Resilient Baton Rouge, Louisiana
Resilient Baton Rouge is a program designed to increase local community capacity in the Baton Rouge area of Louisiana to manage mental and behavioral health in flood-prone parts of the region. By engaging local leaders and healthcare providers, the program has been able to focus on not only delivering mental health services to residents displaced by floodwaters, but also to engage community members in a longer-term process to strengthen both the local communities themselves but also the plans to increase resilience in the region. By deeply engaging affected residents and stakeholders, the plans for resilience broadly are more responsive and targeted to those most affected by the floods. The program is funded by the Robert Wood Johnson Foundation with fiscal sponsorship from the Baton Rouge Area Foundation.

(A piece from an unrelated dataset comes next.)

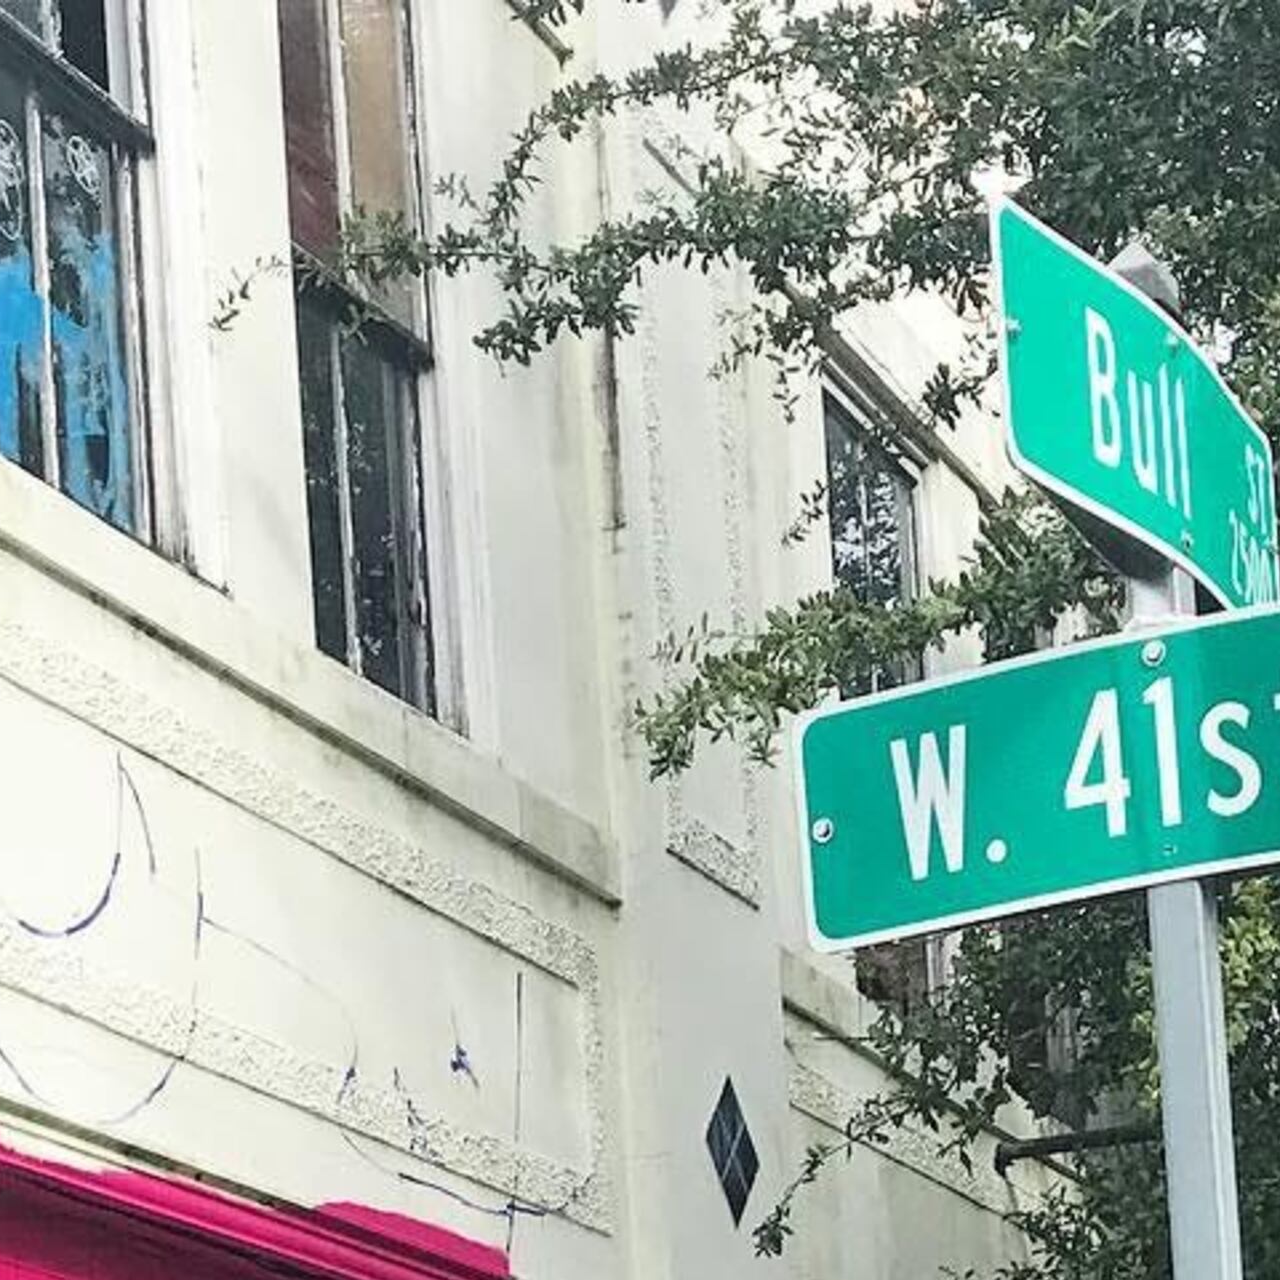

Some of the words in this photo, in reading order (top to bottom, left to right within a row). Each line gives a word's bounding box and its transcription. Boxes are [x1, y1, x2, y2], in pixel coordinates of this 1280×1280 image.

The 2016 Great Flood in Baton Rouge, caused severe death and property loss. Suffering from the loss and displacement, survivors were struggling to rebuild their own homes under great stress. This stressful process has resulted in behavioral health problems such as depression, anxiety and post-traumatic stress disorder. To support flood survivors’ mental health conditions, the Resilient Baton Rouge program was established through the collaboration of the Community and Patient Partnered Research Network, Baton Rouge Area Foundation, Louisiana Department of Health, and Baton Rouge Health District. The program’s primary objective is to expand and build greater local behavioral health service delivery capacity by training and local providers’ support. In the first year, the program had four goals, to:
- Build mental health services delivery capacity
- Plan and coordinate services
- Develop partnerships to promote community resilience
- Develop the National Resilience Learning Collaborative
The program was granted $800,000 by the Robert Wood Foundation. Four local mental and behavioral health service providers were selected as subgrantees with $300,000 of the $800,000 to hire more staff and to pay for the expanded working hours to provide affordable services for flood-impacted residents. The rest of $500,000 was spent on training mental health screeners and building local mental health infrastructure. This case study demonstrates how post-disaster communities can be supported through collaboration among researchers, community agencies, and local governments to build resiliency.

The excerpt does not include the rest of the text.